Apple and Google have partnered to develop on an API for tracking close personal contacts in an attempt to fight the COVID-19 pandemic. Unlike other solutions rolled out by some more authoritarian governments, this is a de-centralised solution designed from the ground up to prevent it’s use for tracking.

The solution makes use low energy bluetooth rather than GPS for recording close physical contacts, and it uses a combination of public-key crypto and one-way hashing functions to generate anonymous ephemeral tokens that each participating phone broadcasts. As users move around their phone records the ephemeral tokens for all phones it comes close to, and keeps a lot for a few weeks. If a participating user gets tested positive, they can choose to instruct their phone to tell a server that they have tested positive, and upload all their ephemeral keys. Participating devices will periodically check to see if any of the known-infected keys are in their cache, and if they are, alert the user that they have potentially been exposed.

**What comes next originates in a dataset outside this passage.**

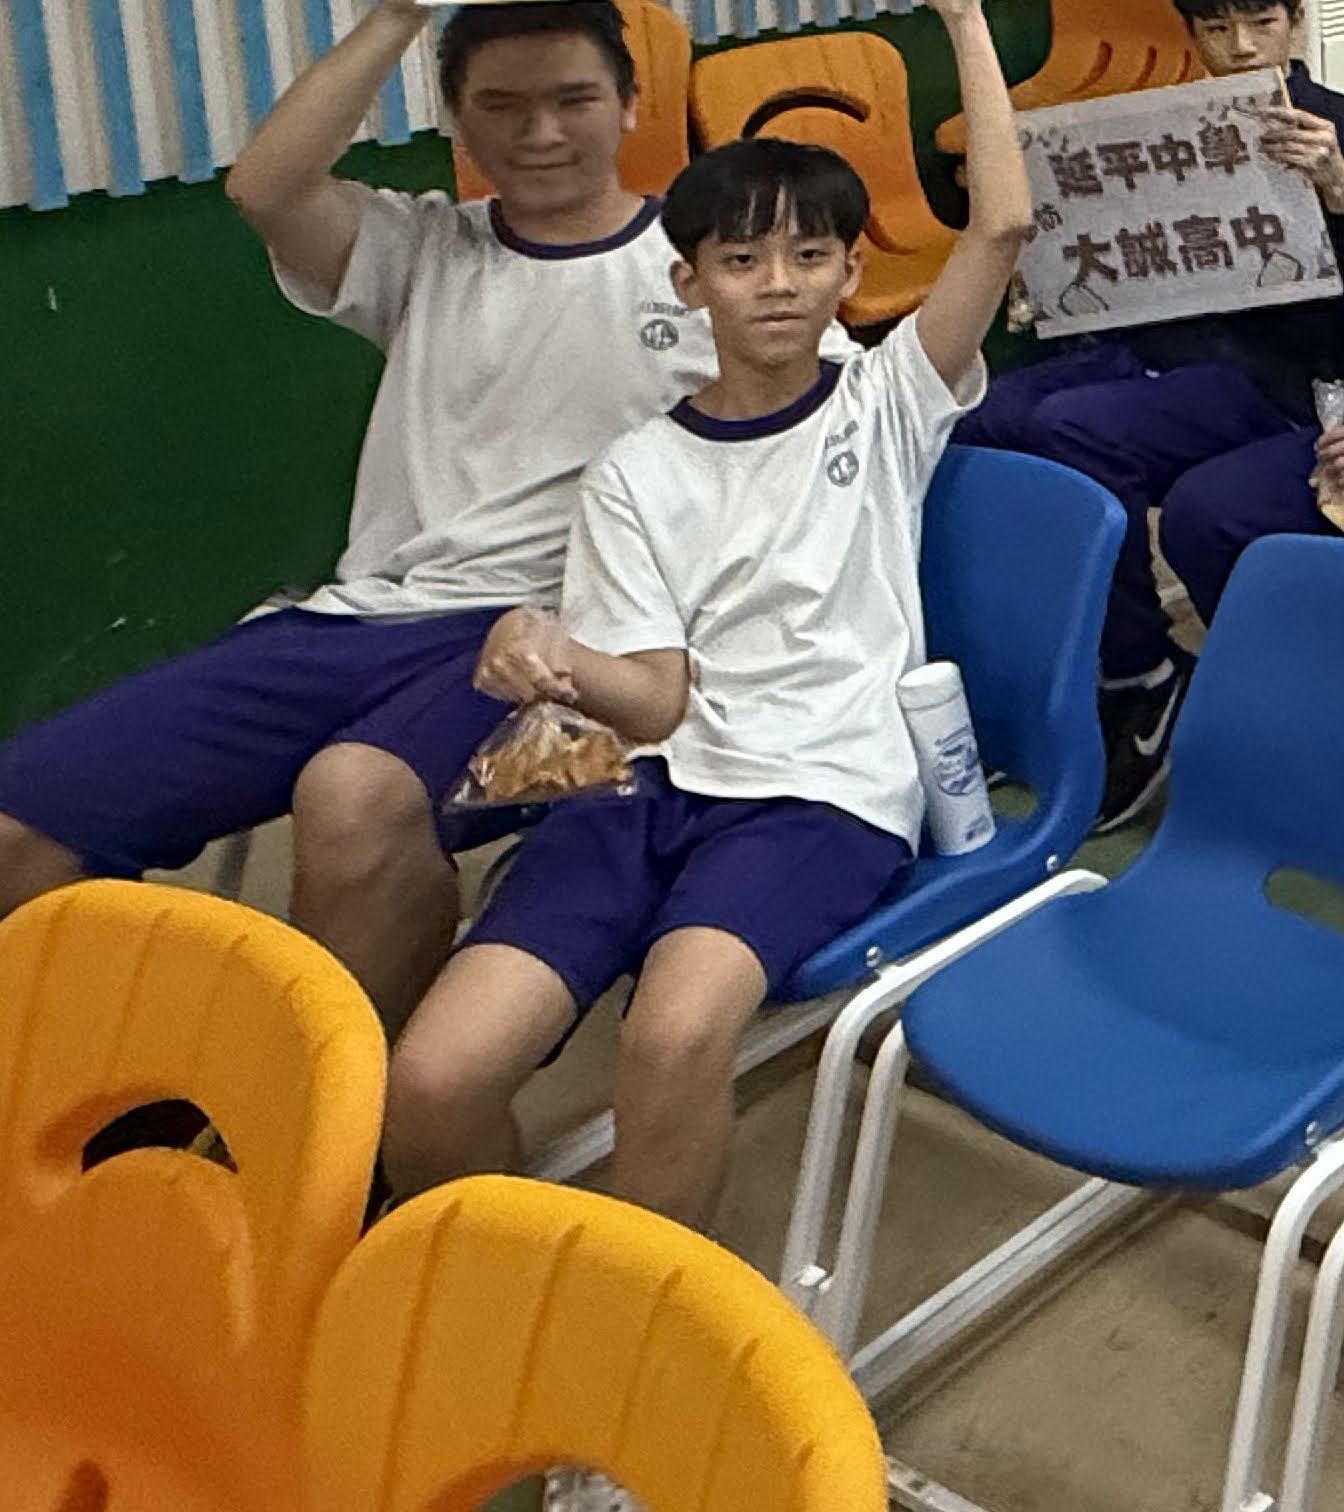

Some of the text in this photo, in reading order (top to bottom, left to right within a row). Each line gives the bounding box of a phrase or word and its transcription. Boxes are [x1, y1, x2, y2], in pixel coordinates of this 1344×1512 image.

[1048, 124, 1251, 199] 延平中學
[1062, 205, 1285, 283] 大誠高中

The key point is that the tokens change regularly, so the same phone does not have the same token for long. This means you can’t use the tokens to track people. Also, the tokens cycle in sync with the randomisation of Bluetooth MAC addresses, so the tokens can’t be used to un-do the tracking protection provided by MAC address randomisation.

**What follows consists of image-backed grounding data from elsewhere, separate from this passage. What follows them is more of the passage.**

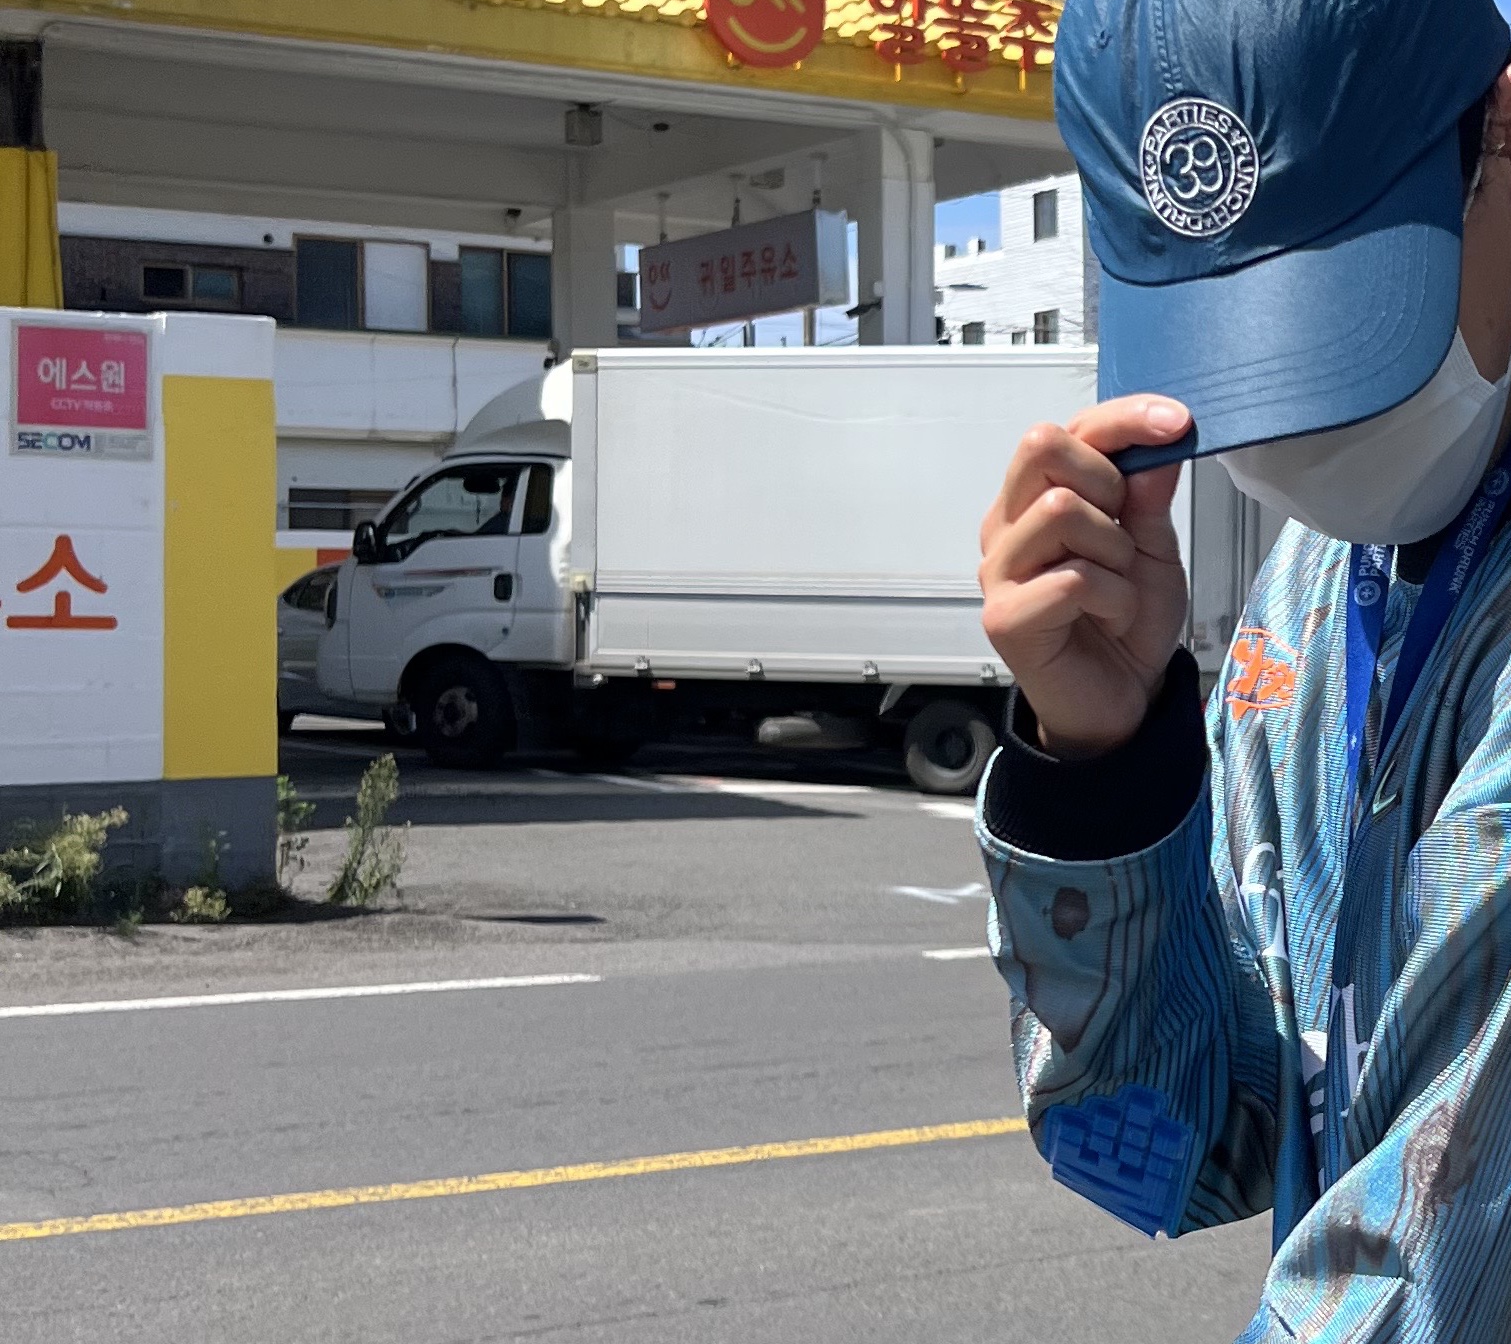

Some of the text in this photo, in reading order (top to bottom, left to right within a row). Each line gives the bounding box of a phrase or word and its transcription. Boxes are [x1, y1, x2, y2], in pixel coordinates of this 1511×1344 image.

[1144, 104, 1255, 231] PUNCH DRUNK PARTIES
[37, 357, 125, 394] 에스원
[18, 431, 92, 452] SECOM
[1358, 543, 1374, 576] PUNC
[0, 534, 118, 630] 소
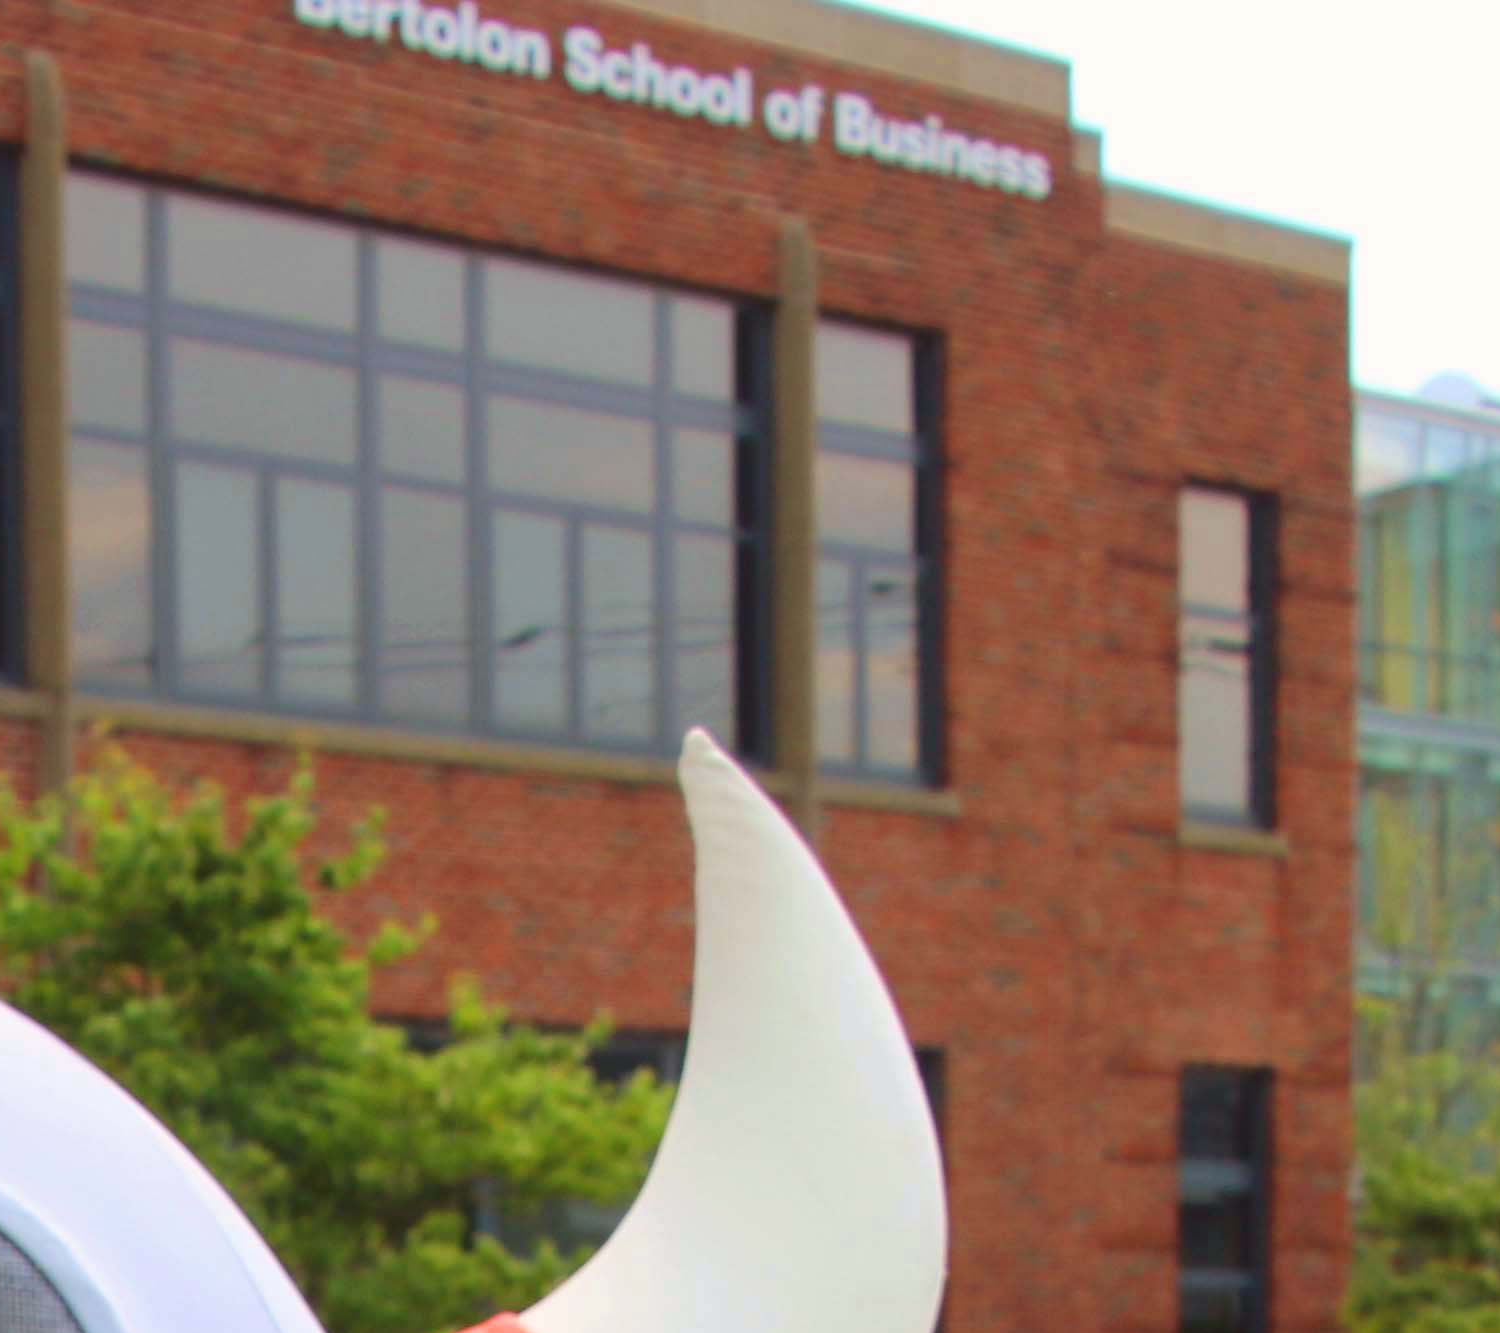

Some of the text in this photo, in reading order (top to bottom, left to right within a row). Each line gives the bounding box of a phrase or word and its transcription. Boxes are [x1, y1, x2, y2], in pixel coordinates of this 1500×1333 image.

[563, 25, 752, 128] School
[764, 86, 823, 143] of
[833, 92, 1051, 200] Business

Apple and Google insist their API will always be opt-in, and that there will need to be some kind of validation of diagnoses to avoid trolling. There will not be a single global server all phones check for positive tokens, instead, separate countries or regions will run their own servers, and the operators of those servers will put in the appropriate safeguards to validate positive diagnoses.

Initially this will be available as an API developers can incorporate into 3rd-party apps, but Apple and Google plan to add the functionality into iOS and Android in the coming months.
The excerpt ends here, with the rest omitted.